OK, when’s the last time you saw one of these? Here in Rust Central, even ’80s Diplomats and Gran Furys are getting scarce, so I was happy to see this ’79 LeBaron coupe at–you guessed it–the Geneseo car show. In sleek black, no less, with no offending water-trapping full vinyl or landau top, either!
The LeBaron was cash-strapped Chrysler’s answer to the Seville. Despite having less money than FoMoCo, the resulting coupe, sedan and T&C wagon were MUCH more convincing as a luxury car than the “are they dumb enough to buy it?” Lincoln Versailles.
As you would expect of a 1970s near-luxury car, ample amounts of chrome, wire wheel covers, whitewalls, and velour upholstery were available. Most people who bought a Chrysler back then wanted to advertise their good fortune to everyone, and that meant adding all the gingerbread they could, resulting in over-dressed showboats like this one. Why would you get those wire wheel covers, when there were so much more attractive options. I guess those kids in the background borrowed their Aunt Gert’s new car…
Even a trim-bedecked one looked so much better with the available alloys, which were also optional on the Cordoba. But I imagine most of these went out the door with the rattly wire covers or “deluxe” wheel covers. Too bad. Interesting fact: the LeBaron came STANDARD with hubcaps! On a Chrysler!
Interiors were suitably plush, especially with the available leather seating. I don’t normally like gray interiors, but the dove-gray leather thrones shown here look very, very nice. One of these could have been a pretty comfy ride back then. As you’d expect, a variety of Slant Six, Super Six and 318 and 360 V8s could be installed in the LeBaron’s engine bay.
Yes, the LeBaron coupe could get every luxury car styling cliché: landau top, opera lamps, opera windows, pinstriping, and on and on.

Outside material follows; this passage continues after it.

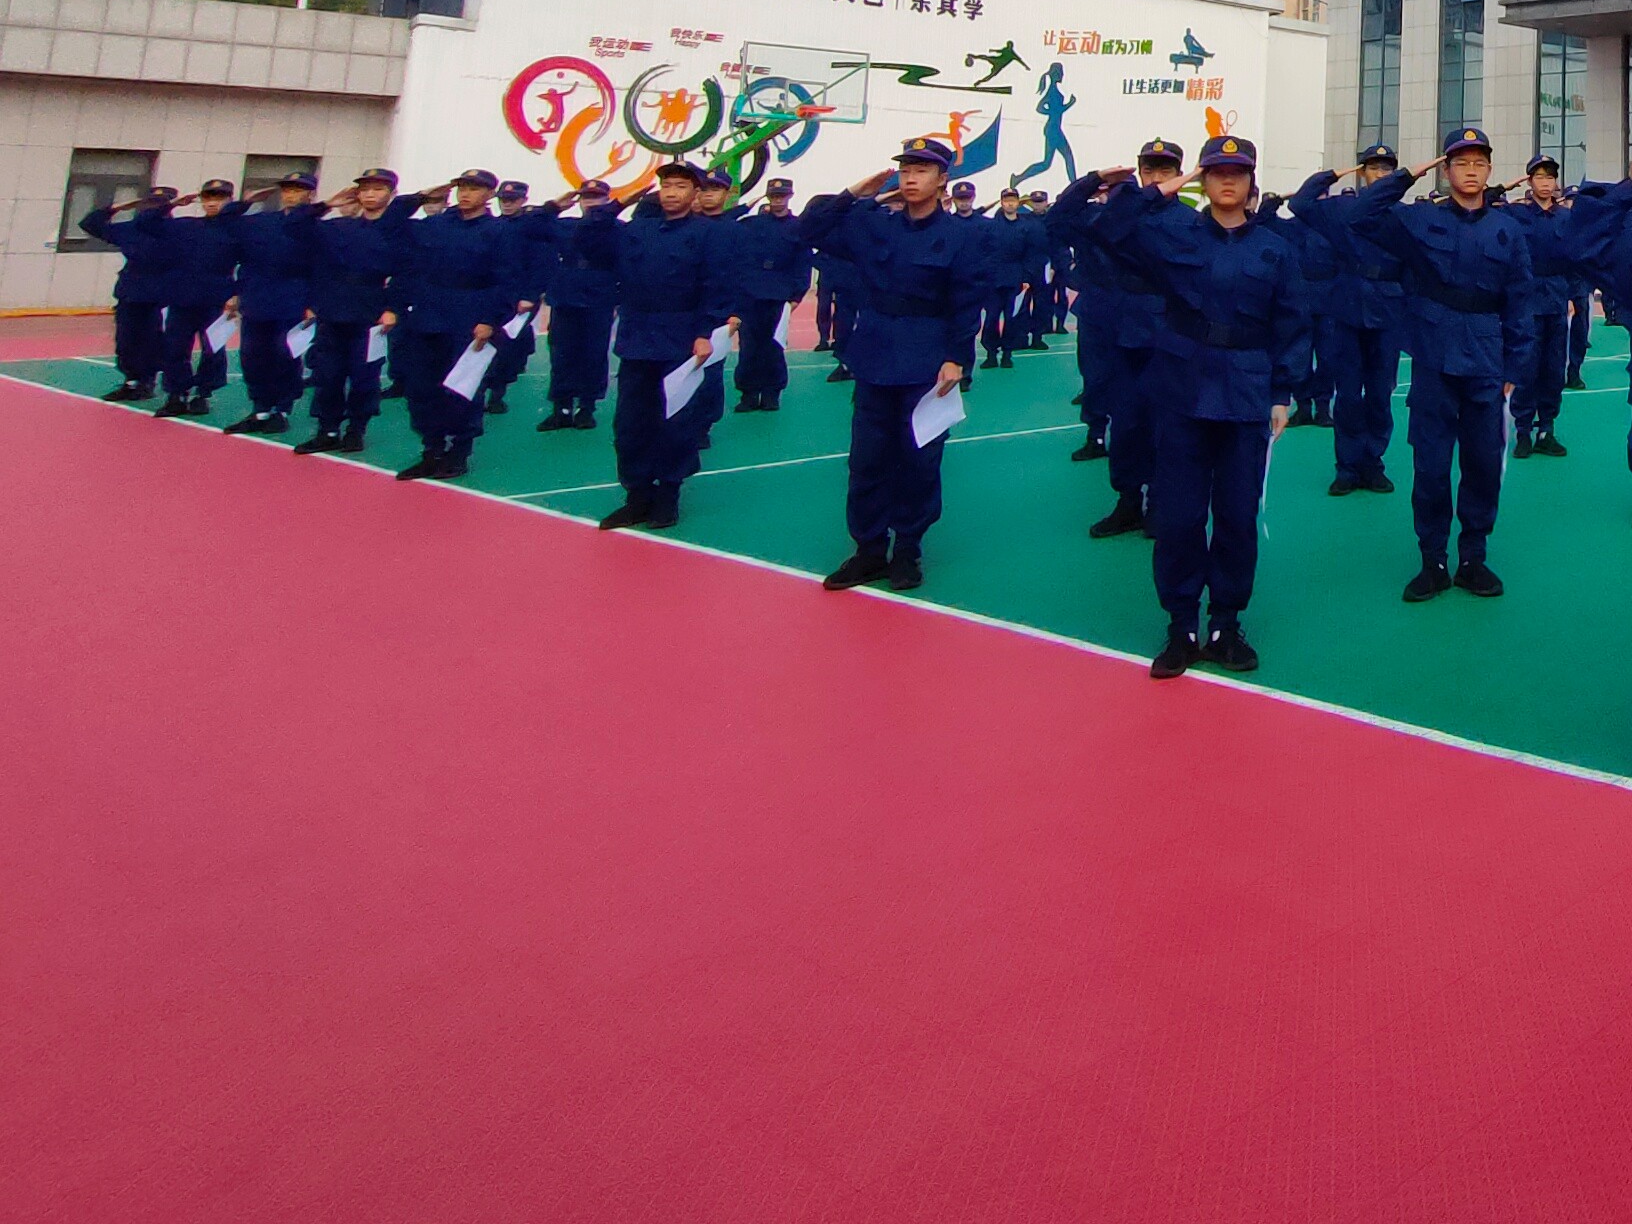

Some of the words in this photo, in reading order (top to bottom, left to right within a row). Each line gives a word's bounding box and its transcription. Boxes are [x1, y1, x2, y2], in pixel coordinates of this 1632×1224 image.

But you didn’t HAVE to. Just a few pages past that wire-wheeled, dove gray parade float in the ’79 LeBaron brochure was this handsome coupe, with just the always-sharp Road Wheels and whitewalls to set it off. And you could make things even simpler–or stealthier, if you prefer…
…thus bringing us to our featured car, which looks all for the world like a two-door police car. Maybe that’s just what it is/was. It had the standard pleated vinyl interior as well, but the black-and-red color combination made it look very, very good indeed.
Could this be a factory police-package LeBaron? Or did the current owner just add the slotted wheels and ventilated hubcaps? I wouldn’t blame him; they look great.
The LeBaron lasted to ’81 in this form, albeit with a moderate facelift in ’80 (CC here). Starting in ’82, the car would become the Fifth Avenue, and the LeBaron would fall into a K-shaped hole it would never climb out of.
However it came into the world, I like it. And the coupe roofline looks so nice. I love how the C-pillar flows into the mini-boattail deck lid. Great to FINALLY see one without the dratted landau top! Do want.